[发明专利]一种制备β-内酰胺酶抑制多肽的方法及所用的表达载体

说明书

技术领域

本发明属于生物基因工程领域，特别涉及一种制备β-内酰胺酶抑制多肽的方法及所用的表达载体、融合蛋白等。

背景技术

β-内酰胺类抗生素(包括青霉素和头孢菌素)在临床上用于治疗多种细菌感染疾病，但随着抗生素的广泛应用以及某种程度上的滥用，耐药菌在不断地产生，它们对许多β-内酰胺抗生素耐药，从而使这类药物对耐药菌感染的疾病无效。微生物来源的β-内酰胺酶的抑制剂棒酸(Clavulanic acid)及其β-内酰胺砜类化合物舒巴坦(Sulbactam)和他佐巴坦(Tazobactam)，均在七十年代至八十年代被发现并证实是有效的β-内酰胺酶抑制剂，且作为“自杀者”与β-内酰胺抗生素合并用药，可达到抑制β-内酰胺酶活力、增强β-内酰胺抗生素疗效的目的。
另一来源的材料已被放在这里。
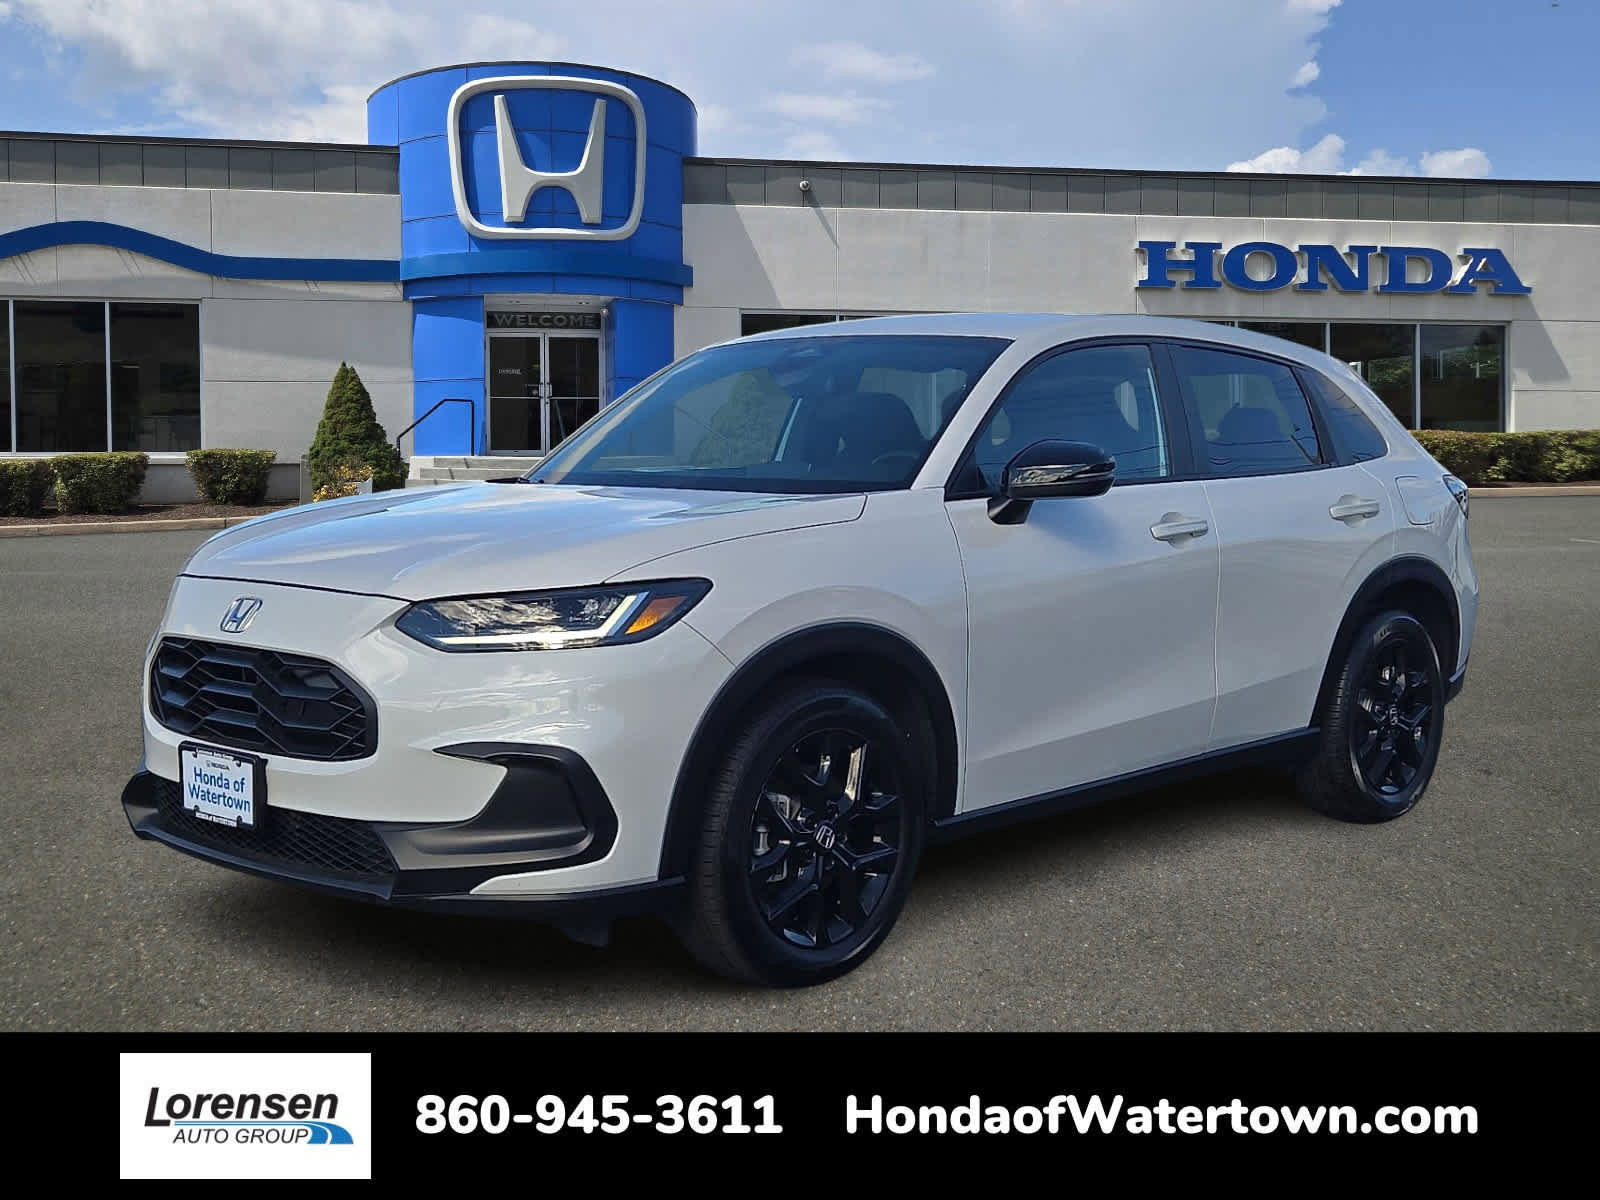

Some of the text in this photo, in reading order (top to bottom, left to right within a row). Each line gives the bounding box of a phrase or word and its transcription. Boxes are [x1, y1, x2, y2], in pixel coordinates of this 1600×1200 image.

然而，这些小分子化合物对一些细菌产生的由染色体介导的I型β-内酰胺酶的抑制作用都很小。

近来人们从带棒链霉菌(Streptomyces clavuligerus)中分离到一种β-内酰胺酶抑制蛋白(β-lactamase inhibitory protein，BLIP)，可以特异性的抑制β-内酰胺酶的活性，随后又有BLIP-I、BLIP-II被发现。但是β-内酰胺酶抑制蛋白BLIP分子量比较大，有165个氨基酸组成，并不适合开发成为临床使用的药物。BLIP与β-内酰胺酶的结合具有几个关键结合位点。本发明人曾经根据关键结合位点设计并合成了随机寡核苷酸库，从中筛选到24肽SIPIS04-01，体外作用表明具有抑制β-内酰胺酶的活性，适合用于作为基因工程表达药物，但是该24肽SIPIS04-01的抑制β-内酰胺酶的活性并不高。经过氨基酸替换得到对β-内酰胺酶抑制活性更高的多肽P1-A(已经申请中国发明专利，申请号：200910054340.1。P1-A为SIPIS04-01-N-Y50A-36，其是序列为AMADIGSQFMFRFTIHCSVTAAGDAYCYHGANGTSF的36肽)。但是该多肽P1-A的生产和纯化的难度以及成本都比较高，这制约了进一步的研究和以后的产业化。

发明内容

因此，本发明要解决的技术问题就是针对现有的制备β-内酰胺酶抑制多肽的方法存在纯化难度大，成本高的不足，提供一种新的制备β-内酰胺酶抑制多肽的方法，该方法可以大大降低β-内酰胺酶抑制多肽的制备纯化难度和成本。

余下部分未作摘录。